- _Exercise aim_
Exactly as they appear, output all of the records. Skip any images.

- _Source material_
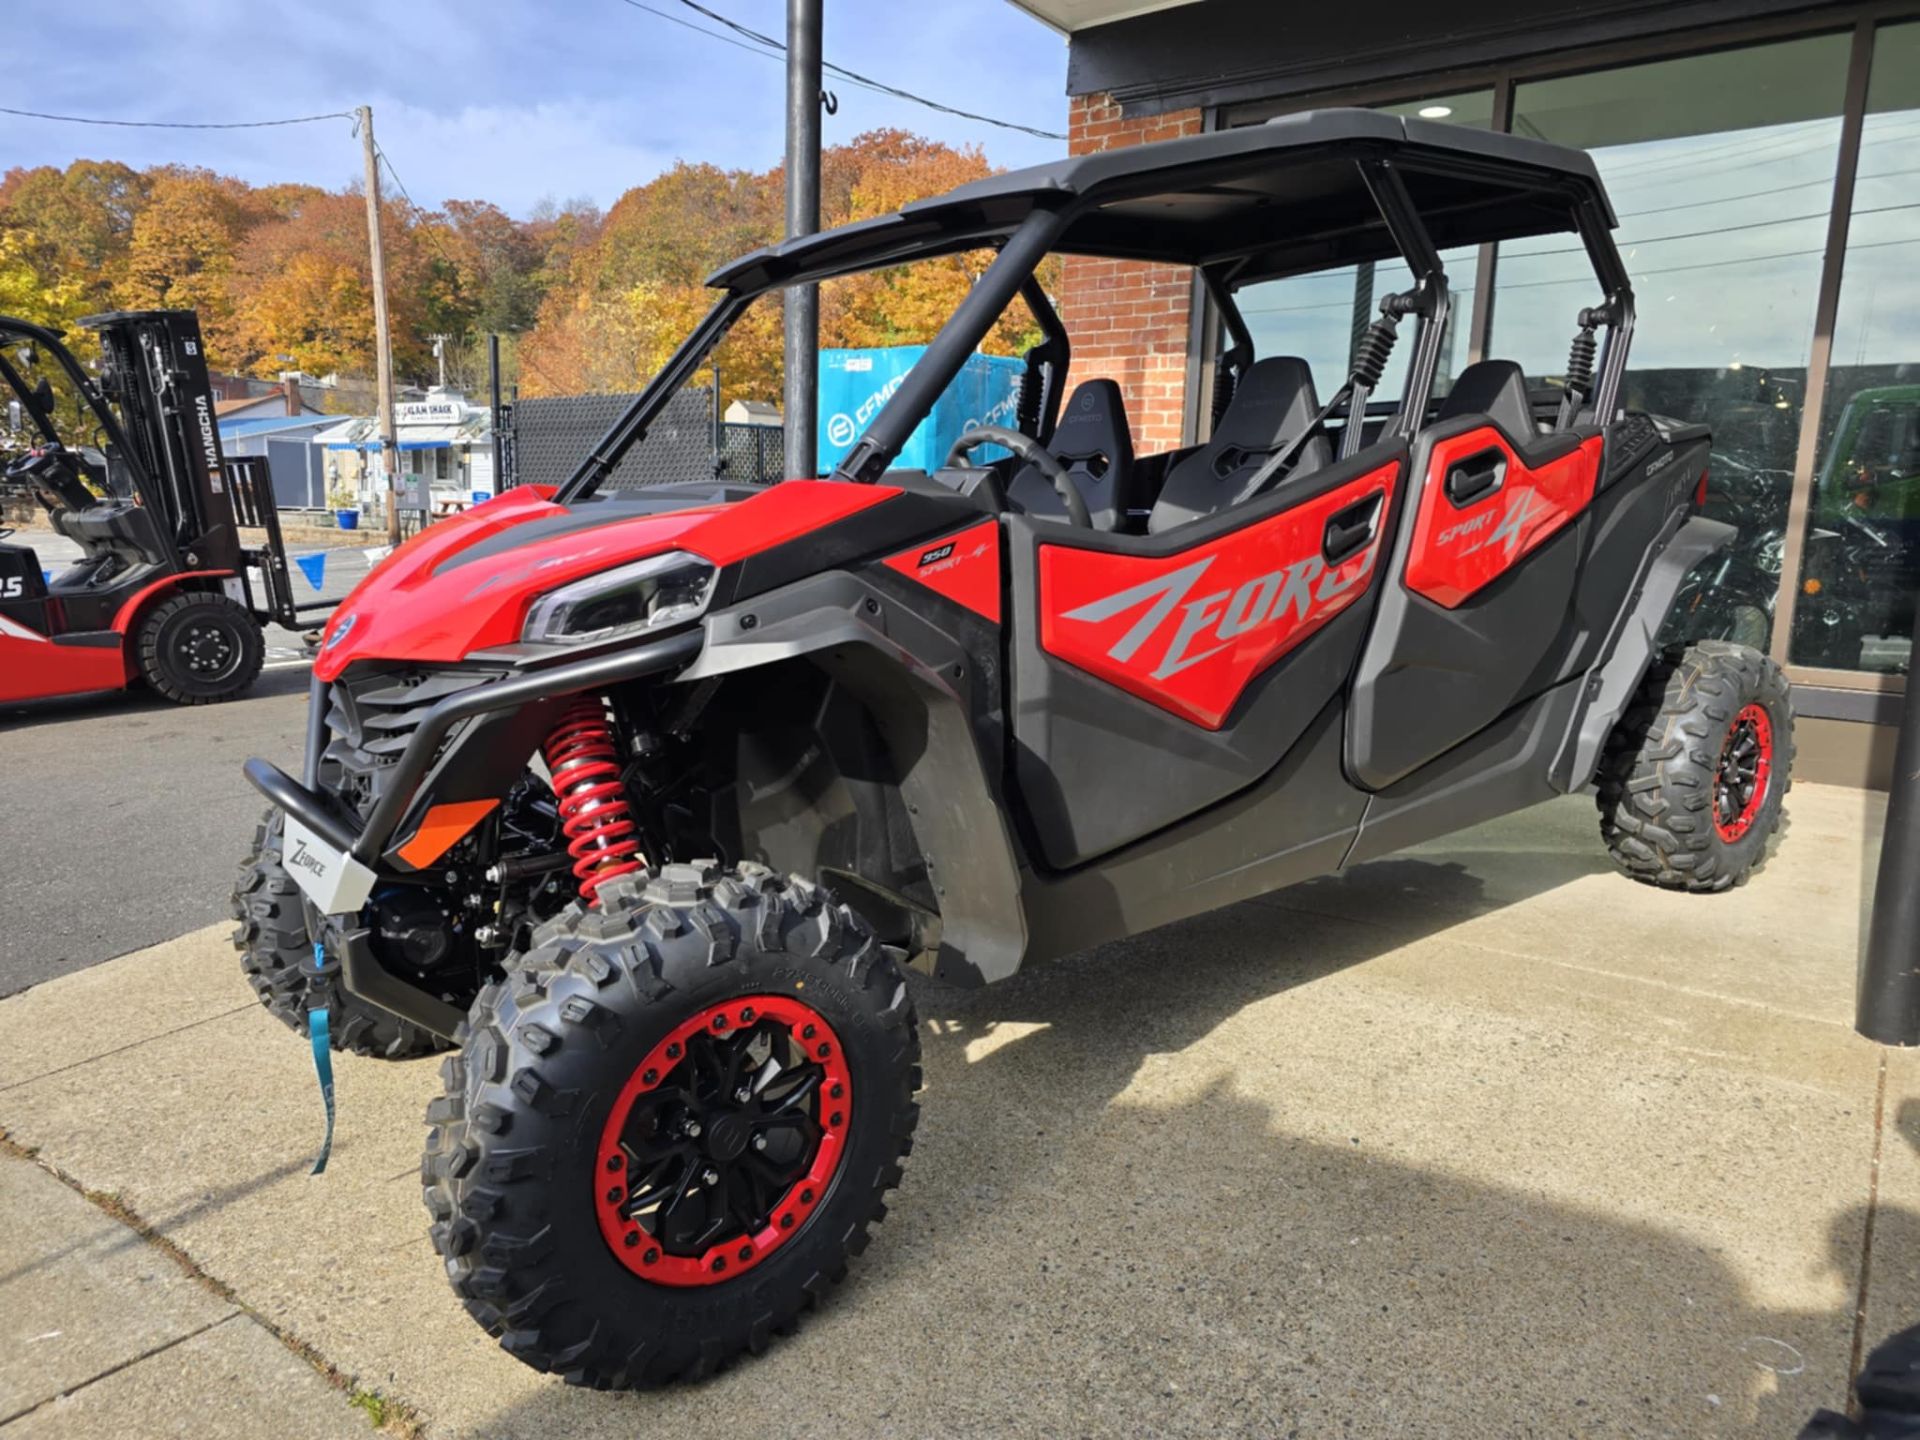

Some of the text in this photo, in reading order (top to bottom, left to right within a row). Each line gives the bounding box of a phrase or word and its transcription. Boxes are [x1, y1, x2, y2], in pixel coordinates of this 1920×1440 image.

[195, 395, 219, 468] HANGCHA
[1437, 509, 1497, 546] SPORT
[920, 546, 953, 564] 950
[290, 839, 327, 877] ZFORCE

- _Exercise result_
Some of the text in this photo, in reading order (top to bottom, left to right within a row). Each line gives the bounding box of a phrase or word and its transcription. Boxes are [x1, y1, x2, y2], in pixel coordinates of this 1920×1440 image.

[195, 395, 219, 468] HANGCHA
[1437, 509, 1497, 546] SPORT
[920, 546, 953, 564] 950
[290, 839, 327, 877] ZFORCE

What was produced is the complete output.